Why is this research important: Globally, the incidence of depressive disorders is higher in older age groups. While this is not true for all subclasses of depression in all countries, depression among younger people seems to be more commonly driven by adverse life events. Depression in older people, on the other hand, is suspected to be linked to the ageing process itself. Factors like declining physical health, lack of quality sleep and onset of chronic medical conditions could all be contributing factors, but molecular changes in the brain and elsewhere could play a more direct role. There may also be a two-way relationship between depression and neurodegenerative disease.
What did the researchers do: In this study, researchers looked at data from 424,299 participants of the UK Biobank. Participants were middle aged and older, and their mental health status when they enrolled was known (based on hospital records and questionnaires). Participants also had their biological age measured using two different methods. As opposed to chronological age (years since birth), biological age is an estimate of how well someone’s body operates relative to the population average: if you have a biological age of 40, then your cells, tissues and organs perform more or less like those of the average 40 year-old.
Two algorithms were used to calculate biological age: the Klemera-Doubal method Biological Age (KDM-BA) and the PhenoAge algorithms. Both of these algorithms combine measurements of various blood markers as well as epigenetic changes in order to estimate biological age, though they are quite different in other ways. The main aim of the study was to see whether having a higher biological age at a given chronological age was associated with worse mental health.
Key takeaway(s) from this research: The researchers found that for both methods of measuring biological age, participants were significantly more likely to have anxiety or depression at the start of the study if their biological age was above average for their chronological age. Those who did not already have anxiety or depression were also more likely to develop one of those conditions over the next 9 years if their biological age was above average for their chronological age.
The strongest association was for depression with the PhenoAge algorithm: compared to the 25% of participants with the slowest rates of ageing (that is to say, the lowest biological age compared to their chronological age), the 25% with the highest rates of ageing were about 40% more likely to develop depression during the follow-up period.

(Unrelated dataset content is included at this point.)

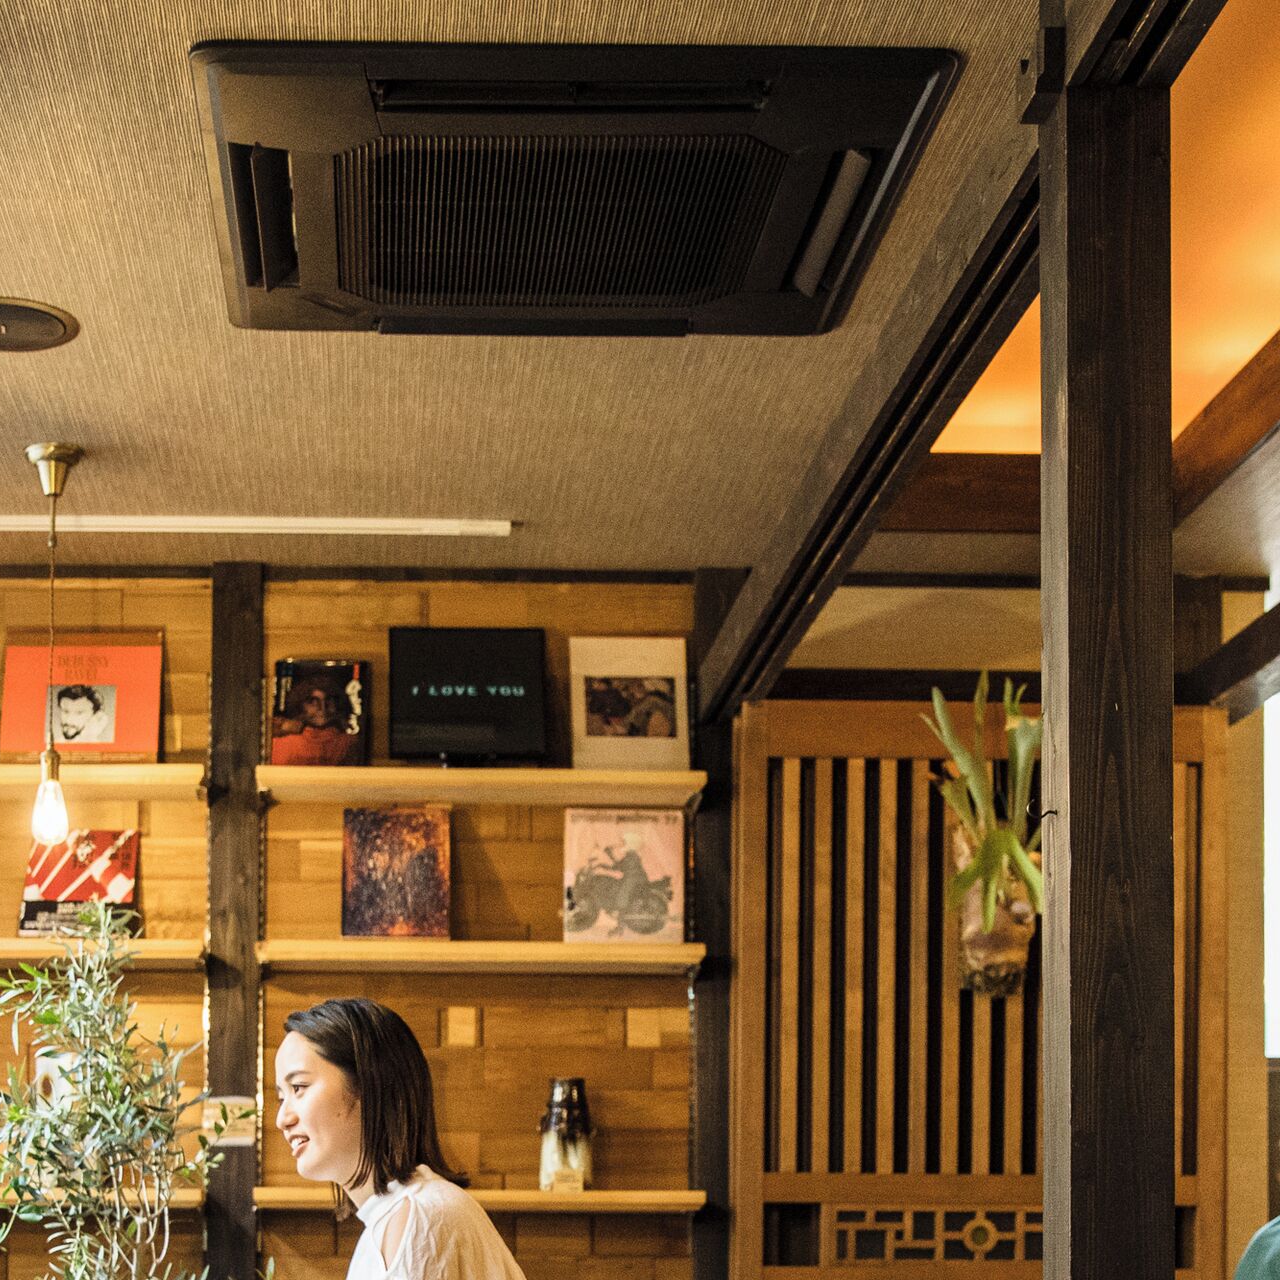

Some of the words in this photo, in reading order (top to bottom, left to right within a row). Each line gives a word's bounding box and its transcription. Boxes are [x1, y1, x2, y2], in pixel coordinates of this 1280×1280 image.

[411, 684, 420, 697] I
[428, 684, 478, 697] LOVE
[486, 684, 526, 697] YOU
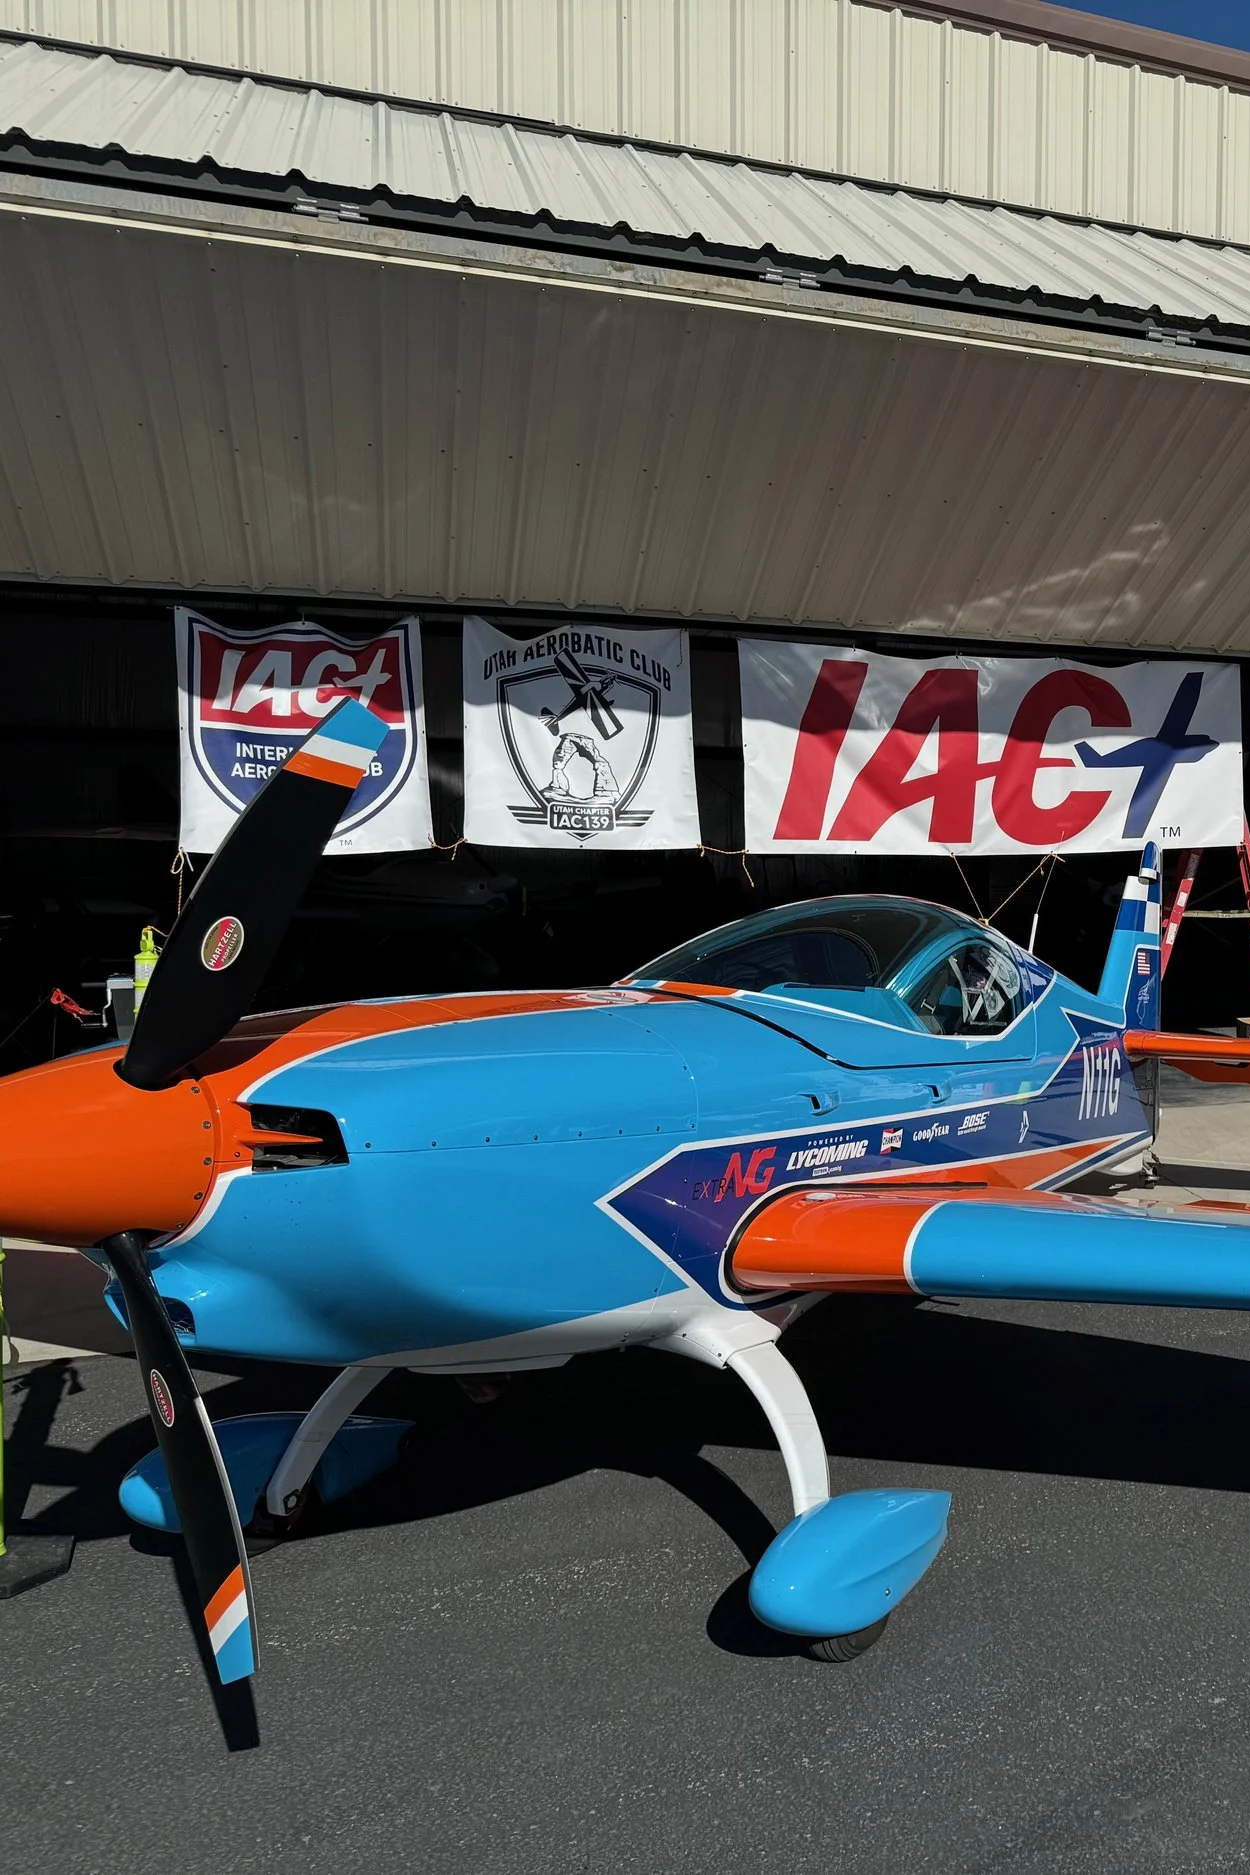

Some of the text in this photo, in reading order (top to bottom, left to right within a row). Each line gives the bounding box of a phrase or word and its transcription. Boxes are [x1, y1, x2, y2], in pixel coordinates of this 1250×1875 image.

This was after researchers controlled for confounding factors like sex, smoking and chronic medical conditions. They also found that this increase in risk was independent and additive to genetic risk factors for depression. Having both a genetic predisposition to depression and accelerated biological ageing was associated with a 2.5 fold increase in depression risk (compared to slowly ageing, low genetic risk individuals).
This contributes more evidence to the idea that biological ageing promotes poor mental health, though we still don’t know exactly why. Changes within our cells (such as telomere shortening and deficient energy production) could contribute directly to diseases like depression. The link could also be more indirect, such as reduced quality of life due to general ageing, which is hard to quantify in studies. As is often the case when it comes to ageing, the answer is likely to be a combination of factors.